Hamlet in Buckinghamshire, England

Whiteleaf is a hamlet in the civil parish of Princes Risborough and the ecclesiastical parish of Monks Risborough in Buckinghamshire, England. It is located 7 miles south of the county town of Aylesbury and 8 miles north of High Wycombe. It lies halfway up the northern scarp of the Chilterns, about half a mile from the parish church of Monks Risborough.

The hamlet's name is first found in the form White Cliff in the eighteenth century, referring to the white chalk cliff above the road to the east of the hamlet, which has the Whiteleaf Cross cut into the chalk on the side of Whiteleaf Hill above it, making an important landmark for miles around.
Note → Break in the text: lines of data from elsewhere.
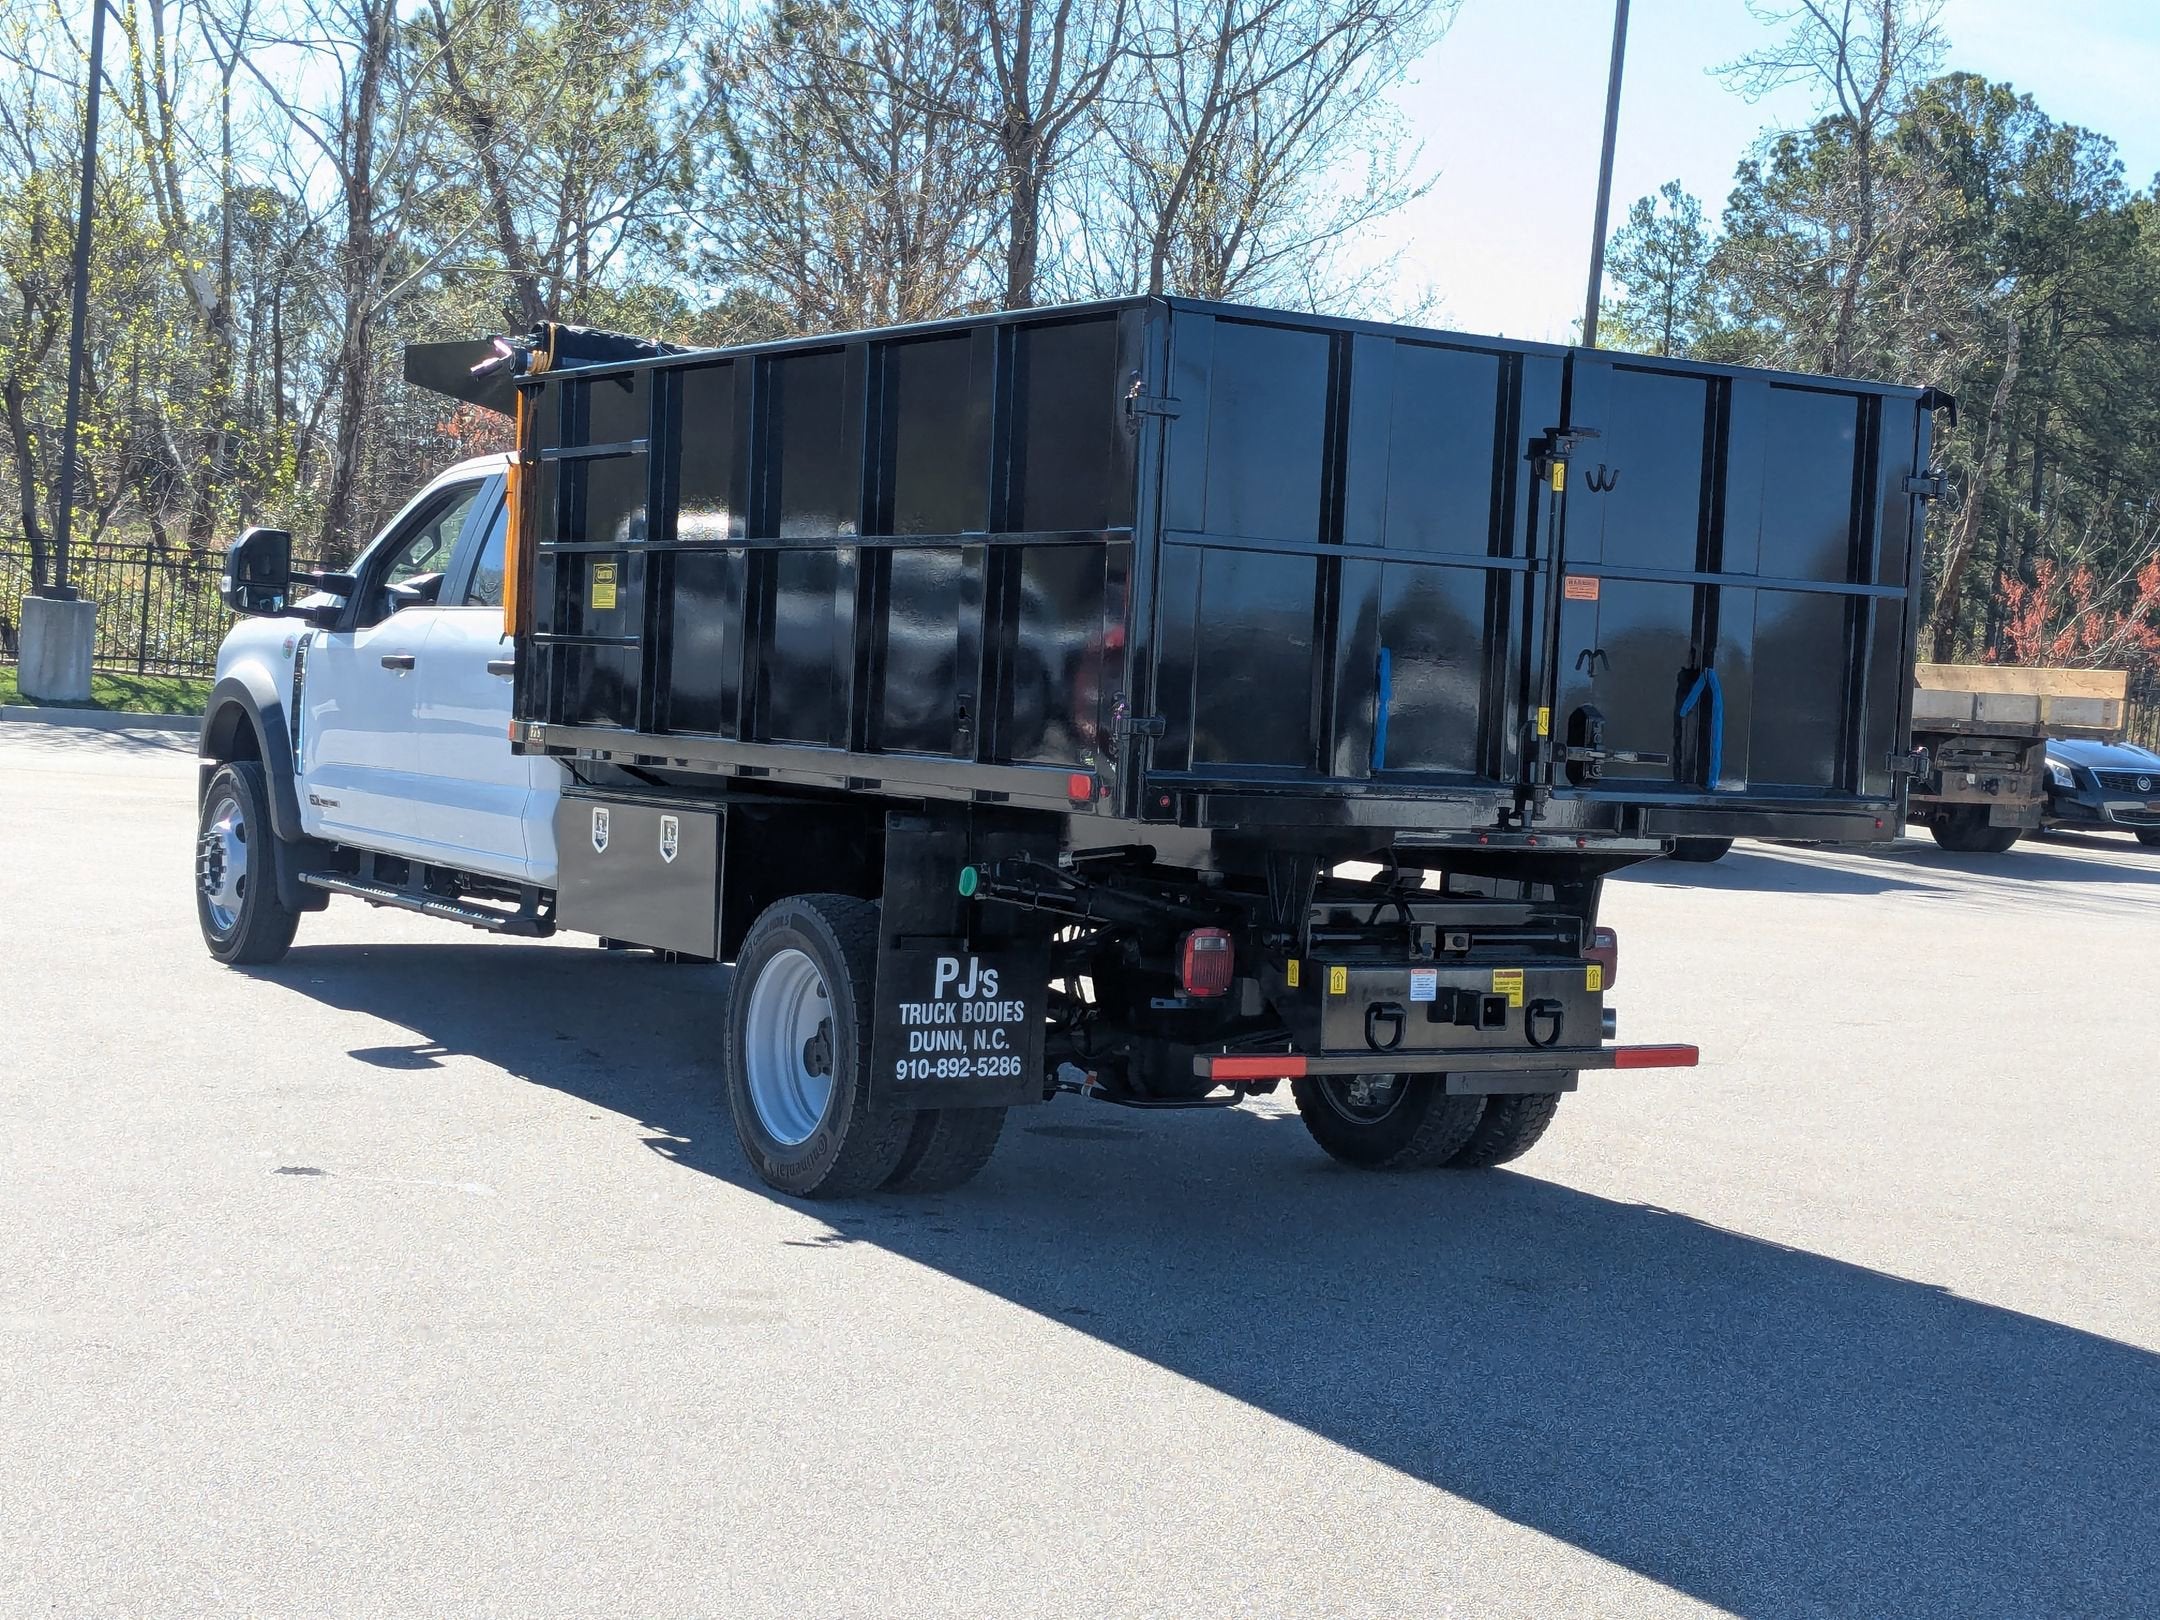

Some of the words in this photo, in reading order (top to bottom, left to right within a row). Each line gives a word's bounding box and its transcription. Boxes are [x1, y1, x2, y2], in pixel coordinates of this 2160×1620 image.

[899, 1002, 958, 1025] TRUCK
[961, 1000, 1025, 1023] BODIES
[909, 1029, 968, 1055] DUNN,
[973, 1028, 1010, 1050] N.C.
[896, 1055, 1022, 1081] 910-892-5286
In addition to the cross, there is a Neolithic barrow on Whiteleaf Hill.

Whiteleaf is home to Monks Risborough Cricket Club and the 9-hole Whiteleaf Golf Club, both of which lie slightly south-east of the main road through the village, which follows the path of the Upper Icknield Way. The cricket ground has a significant slope and was tried by the BBC to see if it would be suitable for filming the cricket scene in the production of A. G. Macdonnell's England, Their England. However, it was not found to be sloping enough. The cricket club celebrated its centenary in 1993 and a book covering its history was published. The cricket club pavilion was largely destroyed by fire in 2010.

The village also has a public house, the Red Lion.

Children's writer Kevin Crossley-Holland grew up in Crosskeys, Westfields (a cottage now called Woodside). His father was the composer Peter Crossley-Holland.